▸ EXERCISE AIM: Retype the listing that follows without a single change.

▸ TASK MATERIAL:
——
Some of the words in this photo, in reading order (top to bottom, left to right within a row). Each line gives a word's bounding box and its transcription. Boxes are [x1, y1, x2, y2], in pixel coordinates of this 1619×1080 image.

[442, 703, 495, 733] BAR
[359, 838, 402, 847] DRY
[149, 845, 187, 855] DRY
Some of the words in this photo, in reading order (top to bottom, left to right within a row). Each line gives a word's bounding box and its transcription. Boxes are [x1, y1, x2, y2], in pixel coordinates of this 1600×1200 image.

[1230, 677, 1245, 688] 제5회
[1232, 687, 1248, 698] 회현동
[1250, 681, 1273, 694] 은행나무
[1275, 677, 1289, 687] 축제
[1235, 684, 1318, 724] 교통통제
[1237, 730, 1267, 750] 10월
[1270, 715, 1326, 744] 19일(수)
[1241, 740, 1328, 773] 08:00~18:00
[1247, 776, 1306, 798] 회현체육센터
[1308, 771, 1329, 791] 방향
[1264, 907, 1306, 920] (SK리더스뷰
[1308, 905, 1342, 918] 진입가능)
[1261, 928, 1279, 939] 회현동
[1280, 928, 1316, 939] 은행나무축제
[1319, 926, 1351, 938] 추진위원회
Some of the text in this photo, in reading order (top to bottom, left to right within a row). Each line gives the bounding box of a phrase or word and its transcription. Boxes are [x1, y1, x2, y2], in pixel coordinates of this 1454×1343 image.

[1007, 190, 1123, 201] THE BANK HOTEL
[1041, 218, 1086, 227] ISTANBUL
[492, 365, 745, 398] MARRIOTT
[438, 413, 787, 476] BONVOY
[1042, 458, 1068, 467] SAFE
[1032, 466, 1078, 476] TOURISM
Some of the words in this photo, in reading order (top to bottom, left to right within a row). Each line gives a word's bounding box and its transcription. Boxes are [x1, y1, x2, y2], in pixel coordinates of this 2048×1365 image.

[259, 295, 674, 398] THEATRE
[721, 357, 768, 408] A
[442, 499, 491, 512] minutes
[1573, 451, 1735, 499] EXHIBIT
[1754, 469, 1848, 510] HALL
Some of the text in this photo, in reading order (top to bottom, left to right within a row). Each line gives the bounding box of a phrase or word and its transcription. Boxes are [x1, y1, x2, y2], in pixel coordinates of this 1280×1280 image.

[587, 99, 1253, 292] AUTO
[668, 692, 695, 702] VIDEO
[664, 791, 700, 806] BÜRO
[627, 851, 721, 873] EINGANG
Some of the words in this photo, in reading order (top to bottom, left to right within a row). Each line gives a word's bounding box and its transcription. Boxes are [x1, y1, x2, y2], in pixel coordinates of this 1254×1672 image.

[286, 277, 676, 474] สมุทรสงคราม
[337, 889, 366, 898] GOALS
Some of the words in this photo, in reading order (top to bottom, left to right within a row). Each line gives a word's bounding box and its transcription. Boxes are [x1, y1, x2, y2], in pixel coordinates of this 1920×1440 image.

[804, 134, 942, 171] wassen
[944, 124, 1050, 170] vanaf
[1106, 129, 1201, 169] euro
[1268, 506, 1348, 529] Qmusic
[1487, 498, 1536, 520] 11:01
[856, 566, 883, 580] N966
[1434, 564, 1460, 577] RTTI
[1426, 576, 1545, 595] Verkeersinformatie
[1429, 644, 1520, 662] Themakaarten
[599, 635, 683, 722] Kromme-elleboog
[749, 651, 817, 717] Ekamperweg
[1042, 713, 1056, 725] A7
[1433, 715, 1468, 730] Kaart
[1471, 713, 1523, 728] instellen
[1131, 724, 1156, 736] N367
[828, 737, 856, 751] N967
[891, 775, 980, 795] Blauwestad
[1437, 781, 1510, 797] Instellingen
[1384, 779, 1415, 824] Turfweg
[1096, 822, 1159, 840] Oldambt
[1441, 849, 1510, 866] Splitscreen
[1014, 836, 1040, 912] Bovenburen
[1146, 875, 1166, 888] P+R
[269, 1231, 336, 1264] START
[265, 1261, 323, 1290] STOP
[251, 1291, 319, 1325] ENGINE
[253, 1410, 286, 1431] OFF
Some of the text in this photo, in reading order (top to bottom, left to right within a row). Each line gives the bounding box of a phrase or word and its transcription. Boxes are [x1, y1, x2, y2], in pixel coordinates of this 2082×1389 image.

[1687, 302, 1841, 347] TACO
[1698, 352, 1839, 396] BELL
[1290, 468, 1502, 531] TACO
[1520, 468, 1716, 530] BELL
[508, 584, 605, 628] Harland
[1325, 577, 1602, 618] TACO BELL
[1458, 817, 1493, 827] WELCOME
——
▸ OUTPUT FOR THIS TASK:
Some of the words in this photo, in reading order (top to bottom, left to right within a row). Each line gives a word's bounding box and its transcription. Boxes are [x1, y1, x2, y2], in pixel coordinates of this 1619×1080 image.

[442, 703, 495, 733] BAR
[359, 838, 402, 847] DRY
[149, 845, 187, 855] DRY
Some of the words in this photo, in reading order (top to bottom, left to right within a row). Each line gives a word's bounding box and its transcription. Boxes are [x1, y1, x2, y2], in pixel coordinates of this 1600×1200 image.

[1230, 677, 1245, 688] 제5회
[1232, 687, 1248, 698] 회현동
[1250, 681, 1273, 694] 은행나무
[1275, 677, 1289, 687] 축제
[1235, 684, 1318, 724] 교통통제
[1237, 730, 1267, 750] 10월
[1270, 715, 1326, 744] 19일(수)
[1241, 740, 1328, 773] 08:00~18:00
[1247, 776, 1306, 798] 회현체육센터
[1308, 771, 1329, 791] 방향
[1264, 907, 1306, 920] (SK리더스뷰
[1308, 905, 1342, 918] 진입가능)
[1261, 928, 1279, 939] 회현동
[1280, 928, 1316, 939] 은행나무축제
[1319, 926, 1351, 938] 추진위원회
Some of the text in this photo, in reading order (top to bottom, left to right within a row). Each line gives the bounding box of a phrase or word and its transcription. Boxes are [x1, y1, x2, y2], in pixel coordinates of this 1454×1343 image.

[1007, 190, 1123, 201] THE BANK HOTEL
[1041, 218, 1086, 227] ISTANBUL
[492, 365, 745, 398] MARRIOTT
[438, 413, 787, 476] BONVOY
[1042, 458, 1068, 467] SAFE
[1032, 466, 1078, 476] TOURISM
Some of the words in this photo, in reading order (top to bottom, left to right within a row). Each line gives a word's bounding box and its transcription. Boxes are [x1, y1, x2, y2], in pixel coordinates of this 2048×1365 image.

[259, 295, 674, 398] THEATRE
[721, 357, 768, 408] A
[442, 499, 491, 512] minutes
[1573, 451, 1735, 499] EXHIBIT
[1754, 469, 1848, 510] HALL
Some of the text in this photo, in reading order (top to bottom, left to right within a row). Each line gives the bounding box of a phrase or word and its transcription. Boxes are [x1, y1, x2, y2], in pixel coordinates of this 1280×1280 image.

[587, 99, 1253, 292] AUTO
[668, 692, 695, 702] VIDEO
[664, 791, 700, 806] BÜRO
[627, 851, 721, 873] EINGANG
Some of the words in this photo, in reading order (top to bottom, left to right within a row). Each line gives a word's bounding box and its transcription. Boxes are [x1, y1, x2, y2], in pixel coordinates of this 1254×1672 image.

[286, 277, 676, 474] สมุทรสงคราม
[337, 889, 366, 898] GOALS
Some of the words in this photo, in reading order (top to bottom, left to right within a row). Each line gives a word's bounding box and its transcription. Boxes are [x1, y1, x2, y2], in pixel coordinates of this 1920×1440 image.

[804, 134, 942, 171] wassen
[944, 124, 1050, 170] vanaf
[1106, 129, 1201, 169] euro
[1268, 506, 1348, 529] Qmusic
[1487, 498, 1536, 520] 11:01
[856, 566, 883, 580] N966
[1434, 564, 1460, 577] RTTI
[1426, 576, 1545, 595] Verkeersinformatie
[1429, 644, 1520, 662] Themakaarten
[599, 635, 683, 722] Kromme-elleboog
[749, 651, 817, 717] Ekamperweg
[1042, 713, 1056, 725] A7
[1433, 715, 1468, 730] Kaart
[1471, 713, 1523, 728] instellen
[1131, 724, 1156, 736] N367
[828, 737, 856, 751] N967
[891, 775, 980, 795] Blauwestad
[1437, 781, 1510, 797] Instellingen
[1384, 779, 1415, 824] Turfweg
[1096, 822, 1159, 840] Oldambt
[1441, 849, 1510, 866] Splitscreen
[1014, 836, 1040, 912] Bovenburen
[1146, 875, 1166, 888] P+R
[269, 1231, 336, 1264] START
[265, 1261, 323, 1290] STOP
[251, 1291, 319, 1325] ENGINE
[253, 1410, 286, 1431] OFF
Some of the text in this photo, in reading order (top to bottom, left to right within a row). Each line gives the bounding box of a phrase or word and its transcription. Boxes are [x1, y1, x2, y2], in pixel coordinates of this 2082×1389 image.

[1687, 302, 1841, 347] TACO
[1698, 352, 1839, 396] BELL
[1290, 468, 1502, 531] TACO
[1520, 468, 1716, 530] BELL
[508, 584, 605, 628] Harland
[1325, 577, 1602, 618] TACO BELL
[1458, 817, 1493, 827] WELCOME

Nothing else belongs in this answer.